I think it was only Parmenides.
@MasonicPrince His Sophist and the Statesman were his attempt to methodologically move past his theory of Forms
@cava Nope. He was attempting to describe the philosopher, but ended up describing the sophist and the statemen only.
@MasonicPrince No. The Sophist (which I have studied and the Statesman which I have read but not studied), is about names, kinds, and collections, i.e., new methodological approaches to being.
@cava Remind me of the collections part.
@MasonicPrince It is a major part of his attempt to define what kind if a being the Sophist is...he looks at Anglers, Hunters, Merchants...
"By means of collection an inquirer brings together a number of disparate things or kinds of things, often called by different names, into one kind" [plato.stanford.edu]
@cava "a definition that applies to all and only members of the kind," now I see what you were saying. He is apparenly searching for a necessary-sufficient condition.
@MasonicPrince The Sophist is a difficult dialogue. He is trying to define what a Sophist is, and since Plato thinks they represent semblances of reality not reality itself, he has a difficult time of it. My notes suggest that he is (in a way similar to an Angler) is trying to set a net of arguments to catch a Sophist. Heidegger thought that the key part of the dialogue is Plato's attempt to separate true images from simulacrum, as unveiling of the truth (alethia).

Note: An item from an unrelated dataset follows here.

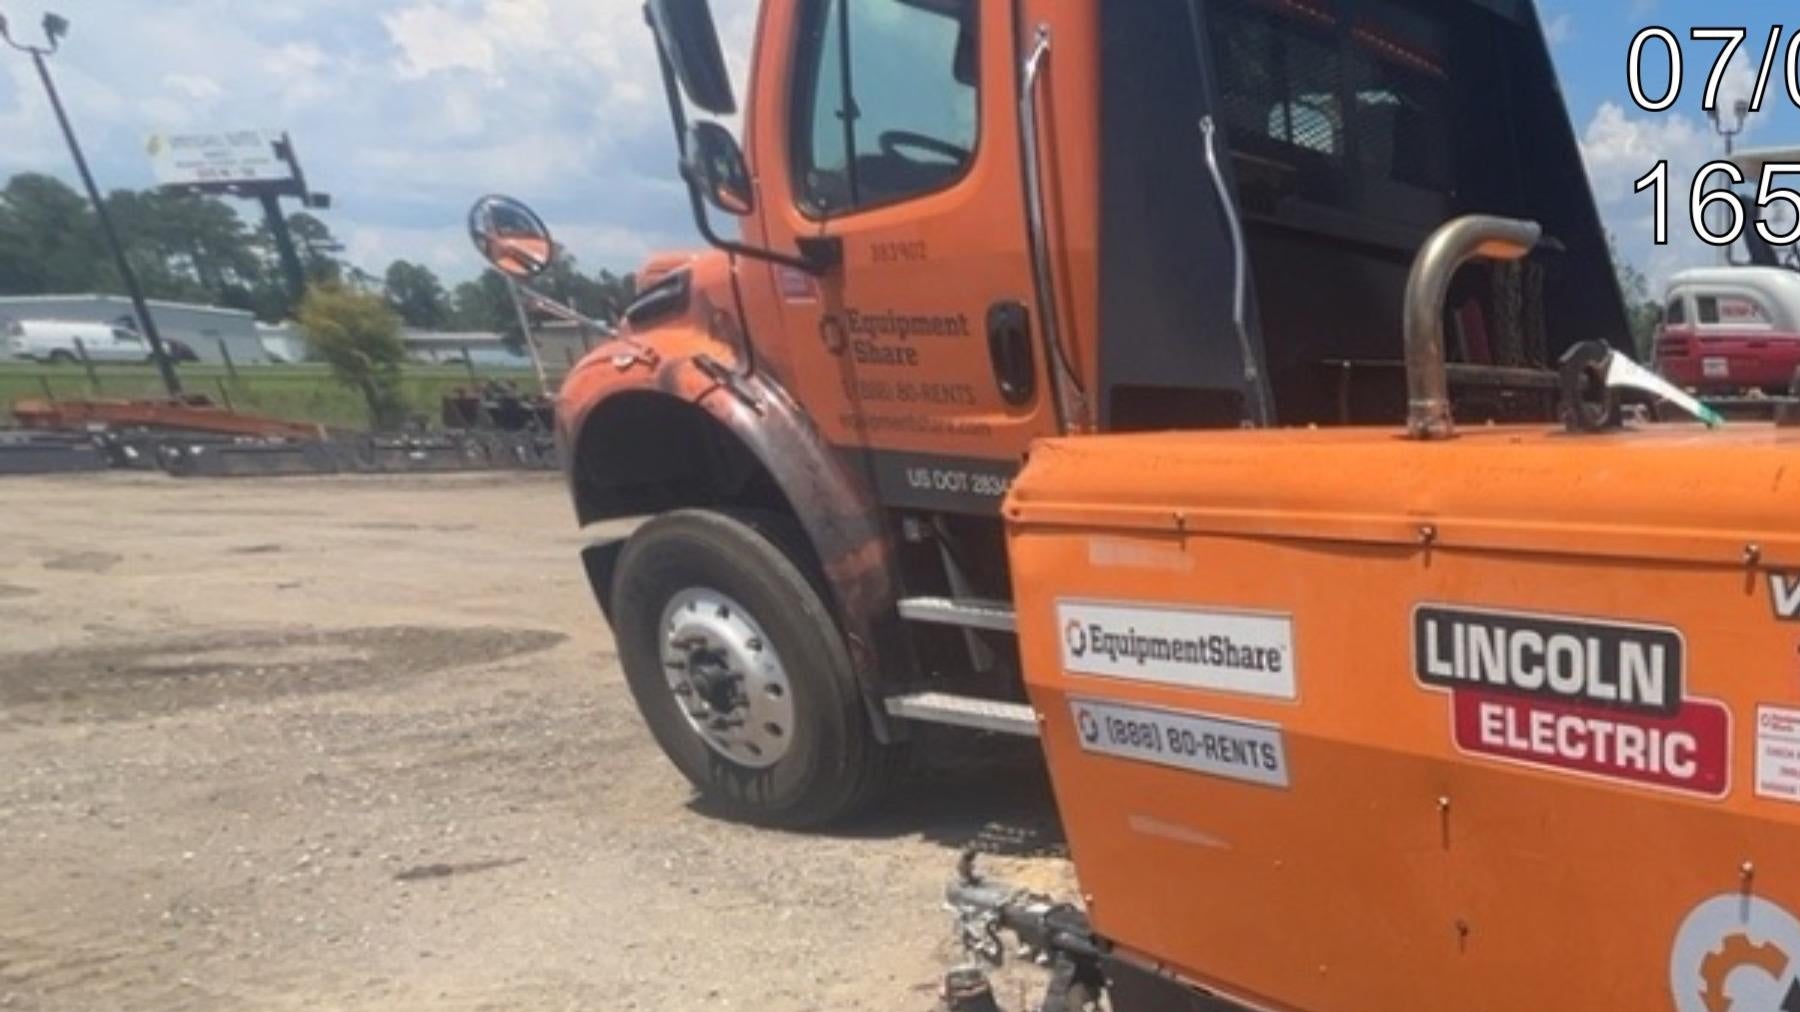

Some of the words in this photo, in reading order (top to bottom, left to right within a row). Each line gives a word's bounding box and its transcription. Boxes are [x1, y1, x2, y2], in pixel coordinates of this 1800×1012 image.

@cava My understanding is that he talked about the angler to talk about how he gets his students to talk in terms of "is" and "is not." This, I believe, is the origin of the phrase "fisher of men."
@MasonicPrince The whole concept of difference runs through this dialogue, it asks what it is to be real and what is to be a simulacrum.
"...talk in terms of "is" and "is not"
I think it is more in terms of 'is' and 'appears', one of the points of the dialogue is that non-being is not. The Stranger concludes that 'non-being' is difference (I think Deleuze would agree with this)
@cava You have to read the next dialog in the complete works to hear him admit it. But if you are a sincere learner, and you read all of Plato, you will end up saying things like, "What is justice, and what is it not?"
Don't know much about history... Of Plato that is... I'll follow and read... Thx
Respect. Most Americans I know or hear on TV can't even put Greece on a map. Hurra for your intelligence!!
Actually, Plato is pretty simple. He just asks us, "What is justice?" or "What is the essence of justice?" and answers, "Improvement."